• Your task
Please give back all the records exactly, but keep the pictures out.

• Entries provided

::::

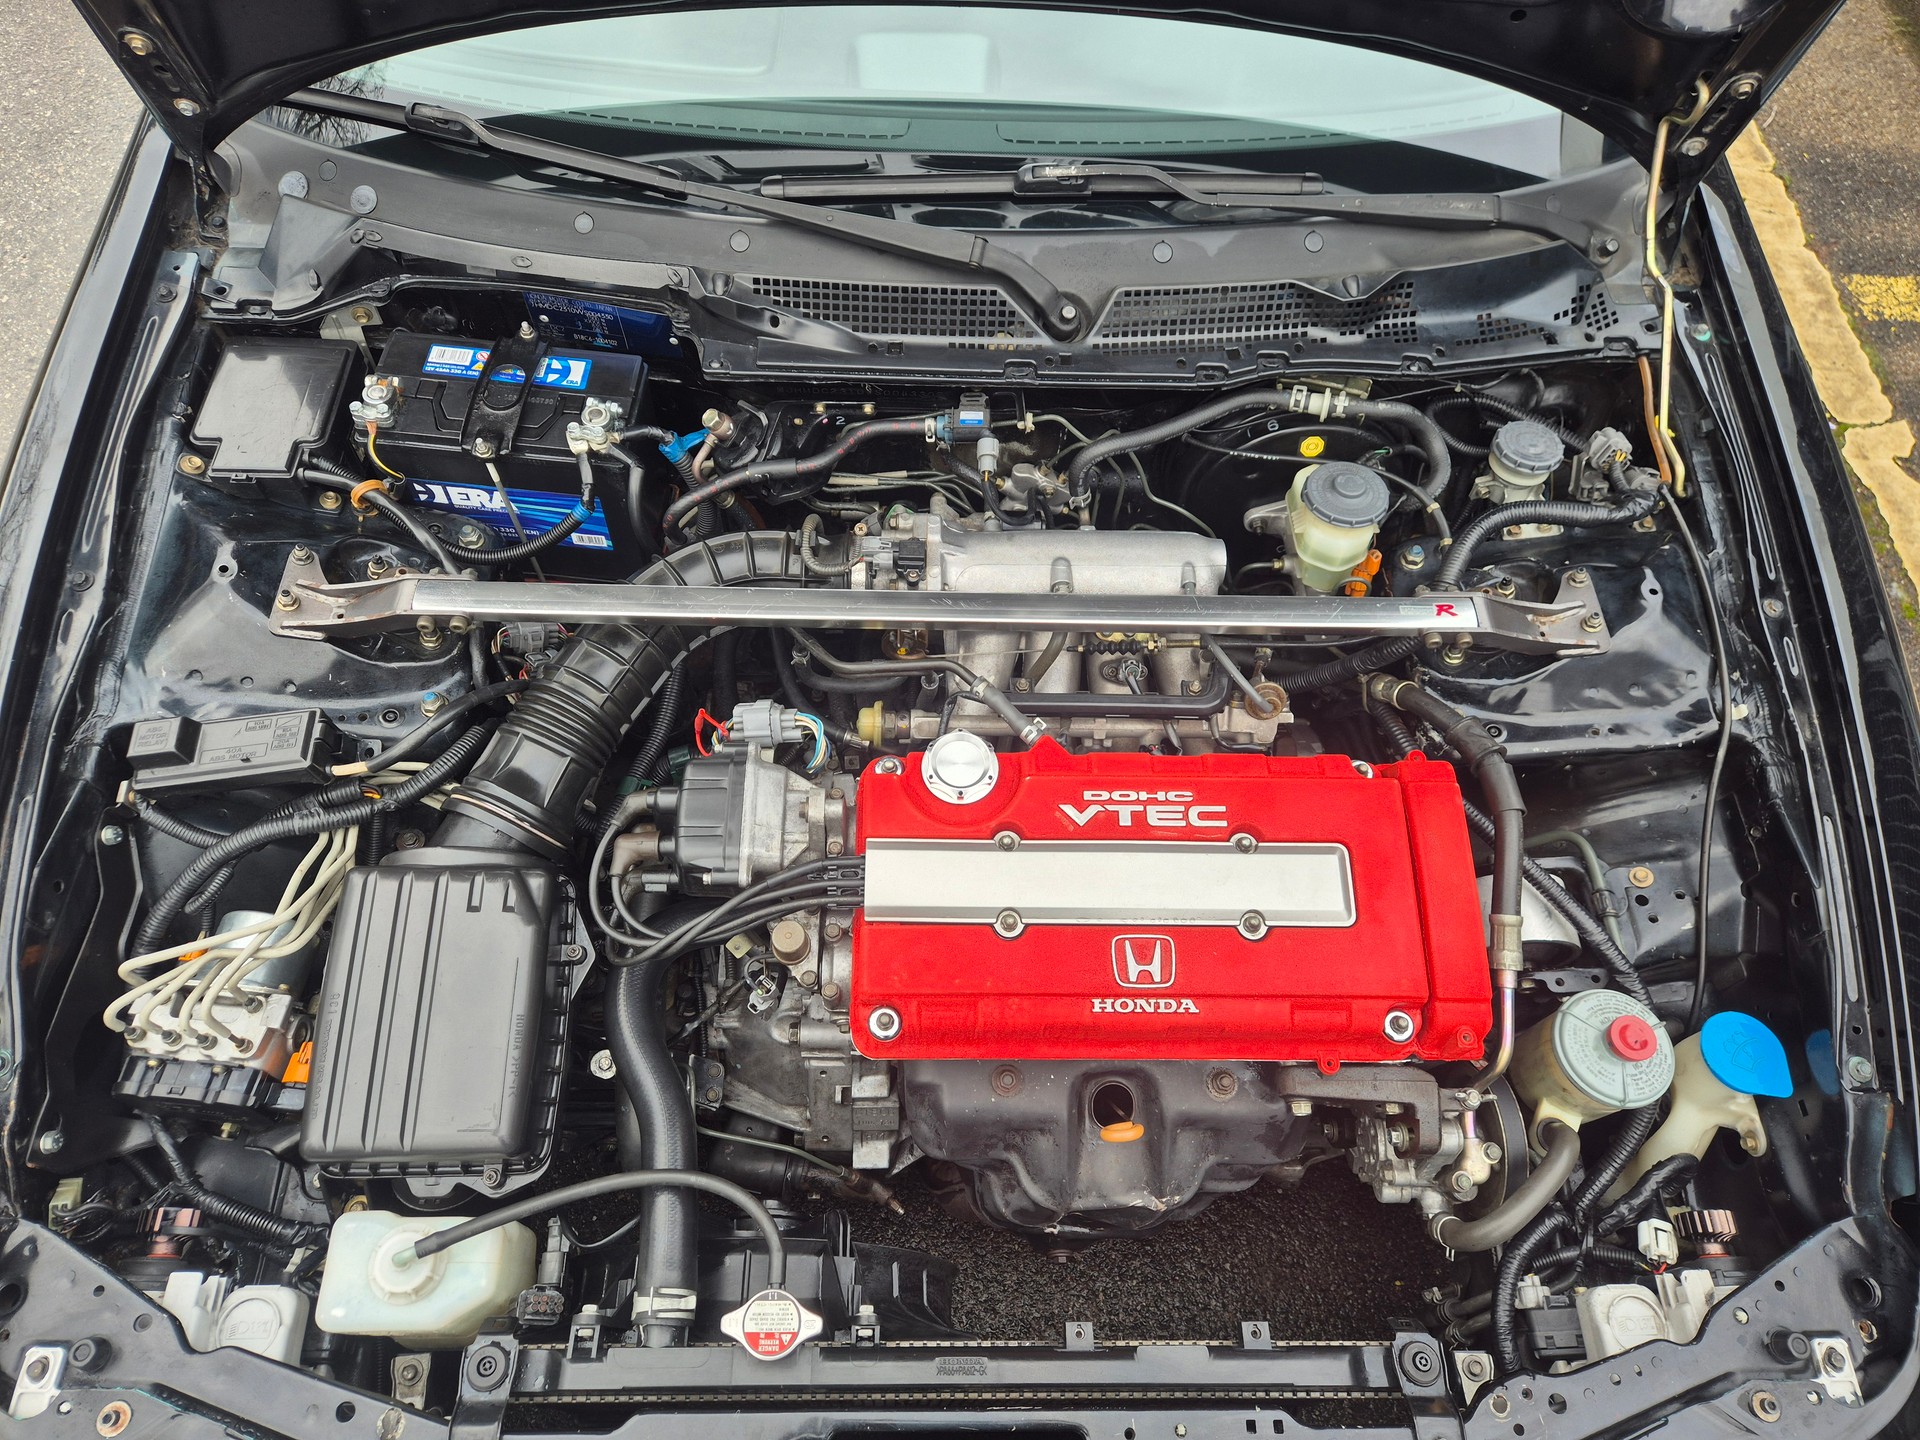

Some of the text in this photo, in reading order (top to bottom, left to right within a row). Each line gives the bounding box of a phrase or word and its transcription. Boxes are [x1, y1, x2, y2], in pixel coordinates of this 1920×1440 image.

[446, 486, 520, 514] ERA
[1434, 603, 1459, 617] R
[137, 739, 164, 748] RELAY
[229, 751, 257, 760] MOTOR
[1083, 790, 1194, 802] DOHC
[1058, 804, 1228, 827] VTEC
[1092, 998, 1200, 1013] HONDA
[512, 1014, 525, 1051] HONDA
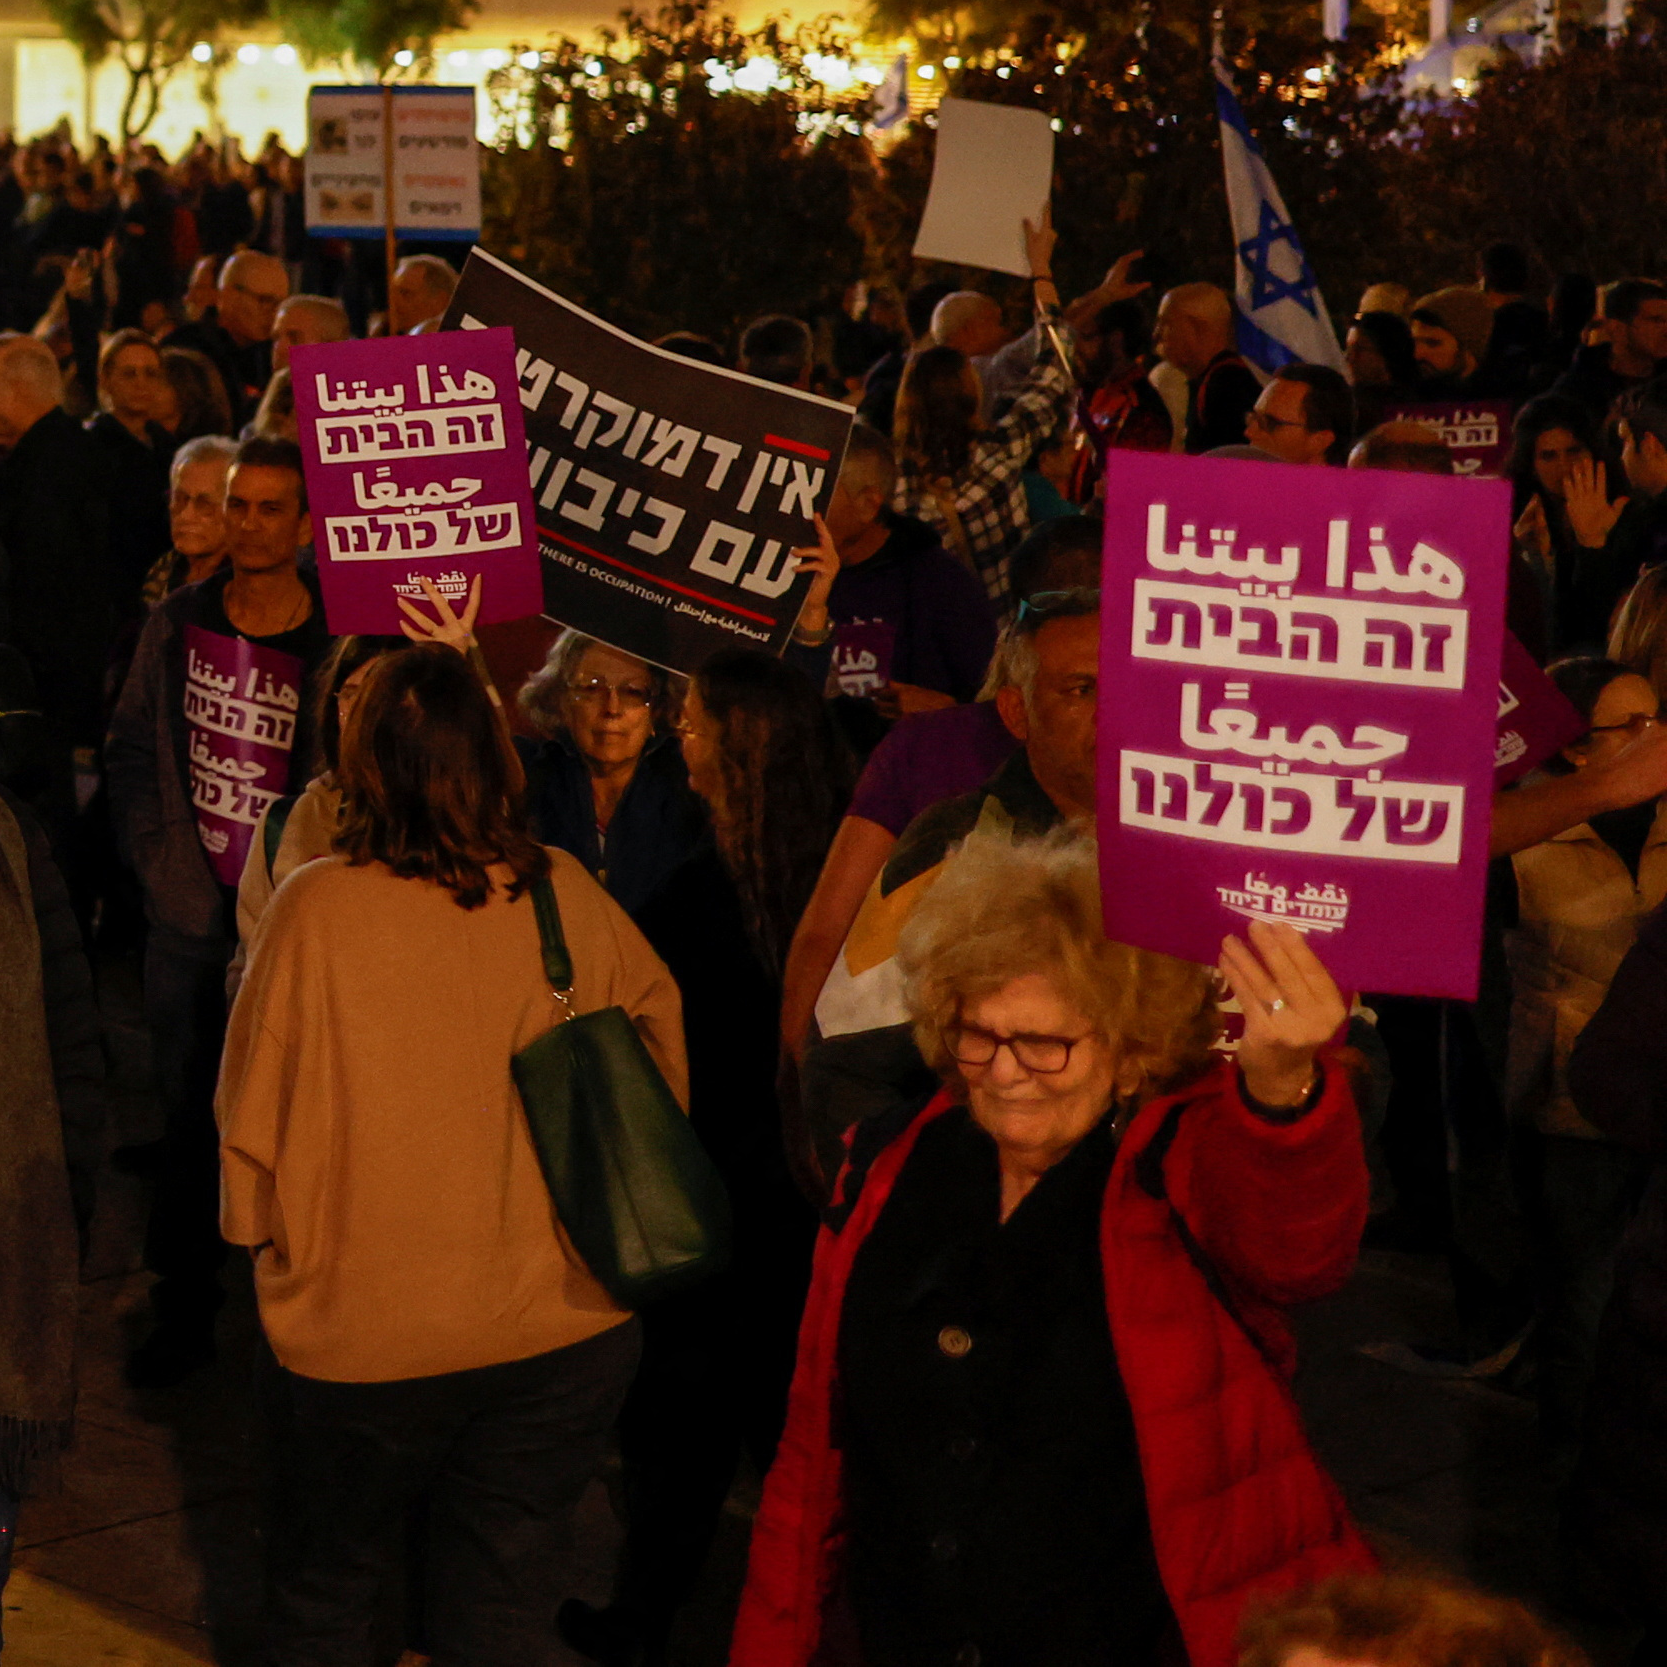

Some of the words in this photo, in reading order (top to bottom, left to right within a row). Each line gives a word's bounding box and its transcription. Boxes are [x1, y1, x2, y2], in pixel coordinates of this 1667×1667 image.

[315, 372, 405, 418] بيتنا
[416, 364, 497, 405] هذا
[326, 420, 435, 455] הבית
[447, 414, 494, 445] זה
[735, 449, 826, 521] אין
[333, 516, 437, 553] כולנו
[447, 511, 511, 546] של
[1145, 503, 1301, 600] بيتنا
[537, 543, 573, 568] THERE
[575, 561, 588, 573] IS
[589, 567, 665, 605] OCCUPATION
[689, 519, 803, 600] עם
[1326, 519, 1466, 602] هذا
[1144, 594, 1340, 664] הבית
[1363, 616, 1453, 673] זה
[188, 648, 237, 698] بيتنا
[244, 667, 300, 712] هذا
[186, 689, 247, 731] הבית
[255, 713, 293, 742] זה
[1130, 762, 1314, 836] כולנו
[1335, 776, 1451, 847] של
[1216, 887, 1266, 911] ביחד
[1271, 898, 1348, 920] עומדים

::::

• Your solution
Some of the text in this photo, in reading order (top to bottom, left to right within a row). Each line gives the bounding box of a phrase or word and its transcription. Boxes are [x1, y1, x2, y2], in pixel coordinates of this 1920×1440 image.

[446, 486, 520, 514] ERA
[1434, 603, 1459, 617] R
[137, 739, 164, 748] RELAY
[229, 751, 257, 760] MOTOR
[1083, 790, 1194, 802] DOHC
[1058, 804, 1228, 827] VTEC
[1092, 998, 1200, 1013] HONDA
[512, 1014, 525, 1051] HONDA

Some of the words in this photo, in reading order (top to bottom, left to right within a row). Each line gives a word's bounding box and its transcription. Boxes are [x1, y1, x2, y2], in pixel coordinates of this 1667×1667 image.

[315, 372, 405, 418] بيتنا
[416, 364, 497, 405] هذا
[326, 420, 435, 455] הבית
[447, 414, 494, 445] זה
[735, 449, 826, 521] אין
[333, 516, 437, 553] כולנו
[447, 511, 511, 546] של
[1145, 503, 1301, 600] بيتنا
[537, 543, 573, 568] THERE
[575, 561, 588, 573] IS
[589, 567, 665, 605] OCCUPATION
[689, 519, 803, 600] עם
[1326, 519, 1466, 602] هذا
[1144, 594, 1340, 664] הבית
[1363, 616, 1453, 673] זה
[188, 648, 237, 698] بيتنا
[244, 667, 300, 712] هذا
[186, 689, 247, 731] הבית
[255, 713, 293, 742] זה
[1130, 762, 1314, 836] כולנו
[1335, 776, 1451, 847] של
[1216, 887, 1266, 911] ביחד
[1271, 898, 1348, 920] עומדים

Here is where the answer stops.